Problem details — Reproduce the listing that follows character for character, excluding its pictures.
Given data below:
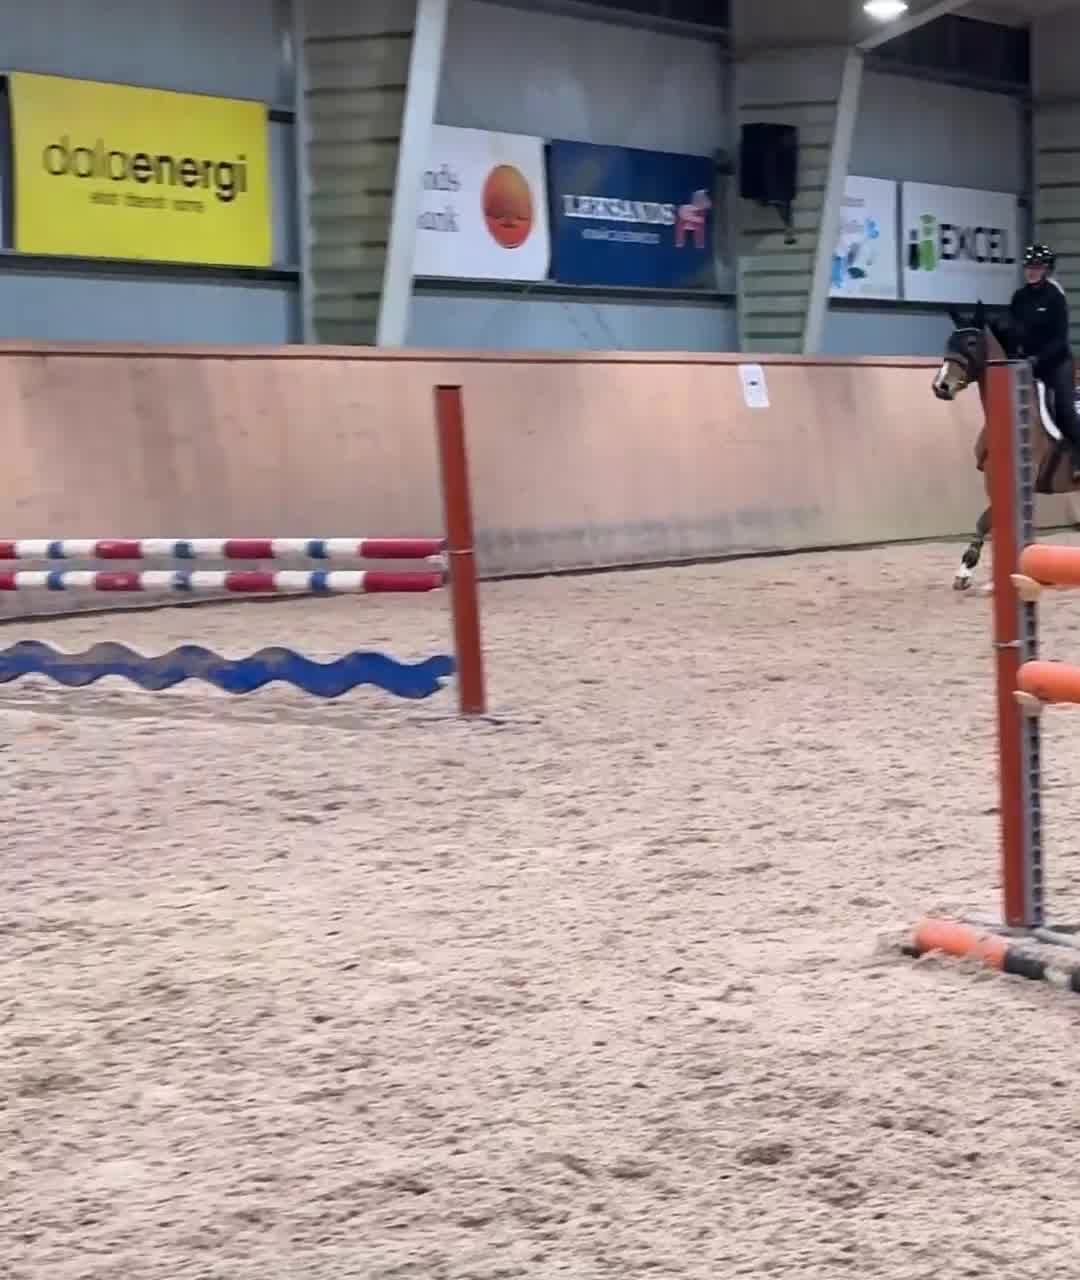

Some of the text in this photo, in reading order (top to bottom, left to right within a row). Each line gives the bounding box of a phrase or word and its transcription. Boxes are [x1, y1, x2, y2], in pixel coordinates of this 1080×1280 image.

[42, 135, 248, 203] dalaenergi
[561, 194, 676, 226] LEKSANDS
[938, 222, 1016, 265] EXCEL
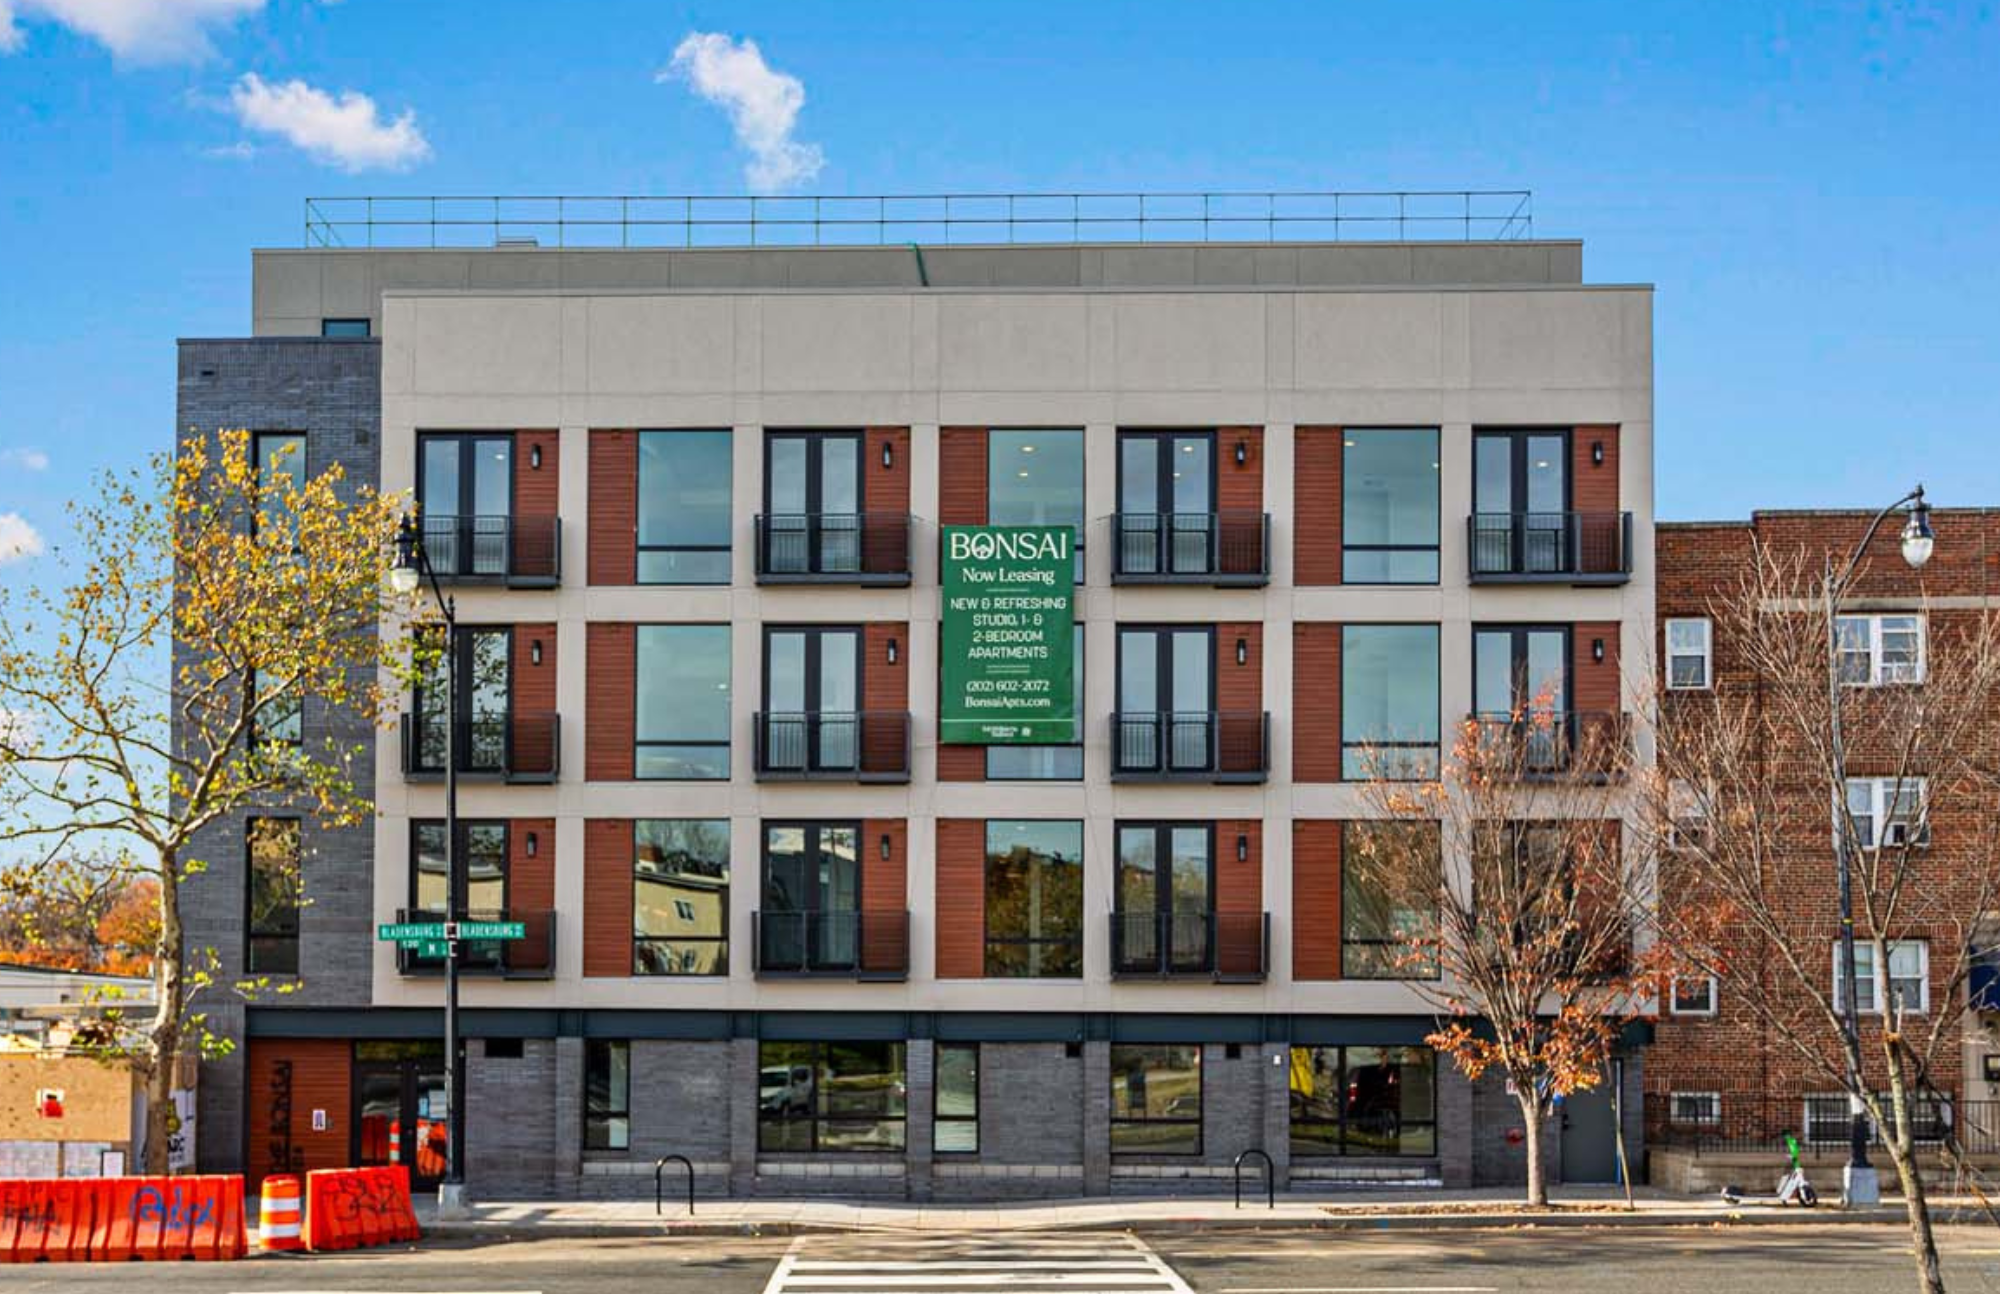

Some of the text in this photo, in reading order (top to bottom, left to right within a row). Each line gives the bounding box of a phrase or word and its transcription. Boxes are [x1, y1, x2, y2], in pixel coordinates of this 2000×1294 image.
End of Given data.
Task response —
Some of the text in this photo, in reading order (top to bottom, left to right within a row). Each line gives the bounding box of a phrase or word and its transcription. Boxes are [x1, y1, x2, y2], in pixel coordinates of this 1080×1280 image.

[42, 135, 248, 203] dalaenergi
[561, 194, 676, 226] LEKSANDS
[938, 222, 1016, 265] EXCEL

Some of the text in this photo, in reading order (top to bottom, left to right within a row). Each line gives the bounding box of a phrase or word and its transcription. Boxes are [x1, y1, x2, y2], in pixel coordinates of this 2000×1294 image.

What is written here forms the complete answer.